*** Opening of Listed records ***

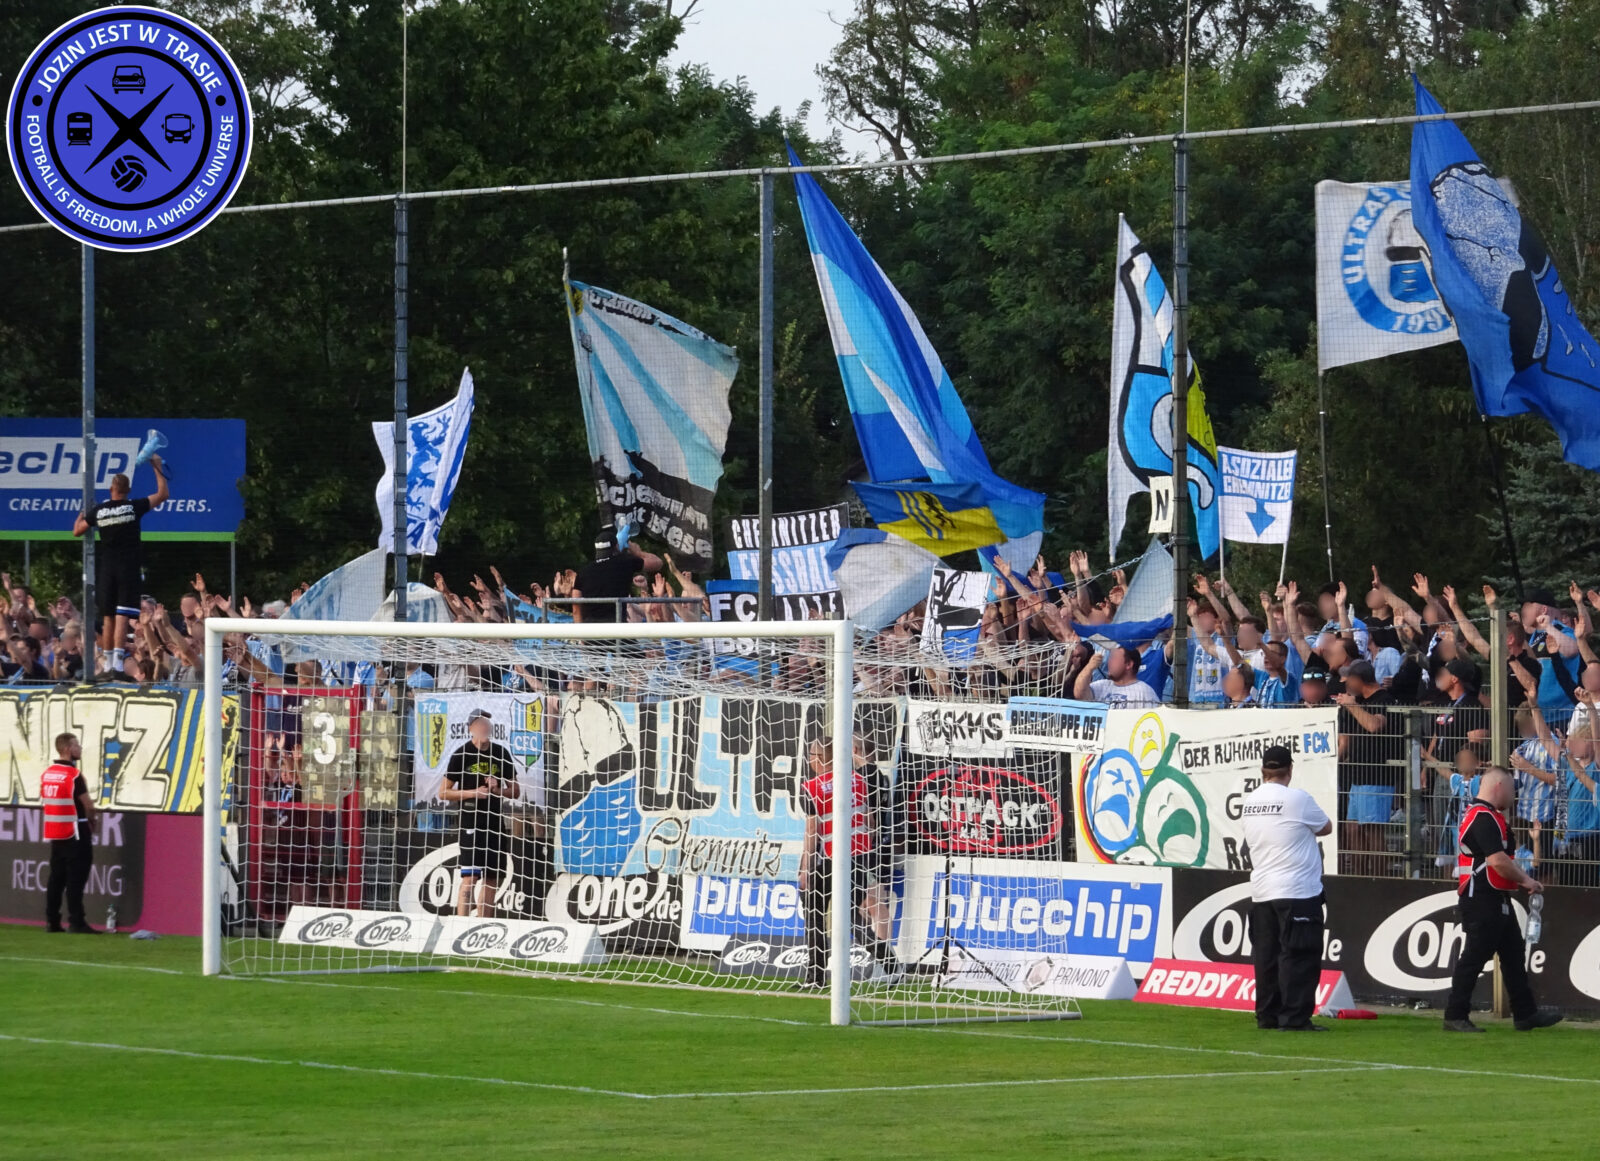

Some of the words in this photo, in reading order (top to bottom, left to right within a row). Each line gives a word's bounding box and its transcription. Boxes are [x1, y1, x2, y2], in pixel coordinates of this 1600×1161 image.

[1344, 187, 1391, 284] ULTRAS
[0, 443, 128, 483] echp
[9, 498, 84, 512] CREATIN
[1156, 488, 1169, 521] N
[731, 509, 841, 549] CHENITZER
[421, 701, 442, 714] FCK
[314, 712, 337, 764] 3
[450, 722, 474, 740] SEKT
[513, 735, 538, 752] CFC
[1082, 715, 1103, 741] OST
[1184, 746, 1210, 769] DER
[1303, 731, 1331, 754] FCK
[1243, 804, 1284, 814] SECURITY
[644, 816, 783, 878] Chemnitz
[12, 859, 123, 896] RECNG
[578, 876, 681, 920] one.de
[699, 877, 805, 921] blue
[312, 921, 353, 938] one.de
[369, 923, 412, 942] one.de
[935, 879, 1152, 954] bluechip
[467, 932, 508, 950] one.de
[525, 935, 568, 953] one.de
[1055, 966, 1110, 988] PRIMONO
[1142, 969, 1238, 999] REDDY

*** Close of Listed records ***

# Try it
For this exercise, return the records above in full and exactly, omitting the images.

# Response to this task
Some of the words in this photo, in reading order (top to bottom, left to right within a row). Each line gives a word's bounding box and its transcription. Boxes are [x1, y1, x2, y2], in pixel coordinates of this 1600×1161 image.

[1344, 187, 1391, 284] ULTRAS
[0, 443, 128, 483] echp
[9, 498, 84, 512] CREATIN
[1156, 488, 1169, 521] N
[731, 509, 841, 549] CHENITZER
[421, 701, 442, 714] FCK
[314, 712, 337, 764] 3
[450, 722, 474, 740] SEKT
[513, 735, 538, 752] CFC
[1082, 715, 1103, 741] OST
[1184, 746, 1210, 769] DER
[1303, 731, 1331, 754] FCK
[1243, 804, 1284, 814] SECURITY
[644, 816, 783, 878] Chemnitz
[12, 859, 123, 896] RECNG
[578, 876, 681, 920] one.de
[699, 877, 805, 921] blue
[312, 921, 353, 938] one.de
[369, 923, 412, 942] one.de
[935, 879, 1152, 954] bluechip
[467, 932, 508, 950] one.de
[525, 935, 568, 953] one.de
[1055, 966, 1110, 988] PRIMONO
[1142, 969, 1238, 999] REDDY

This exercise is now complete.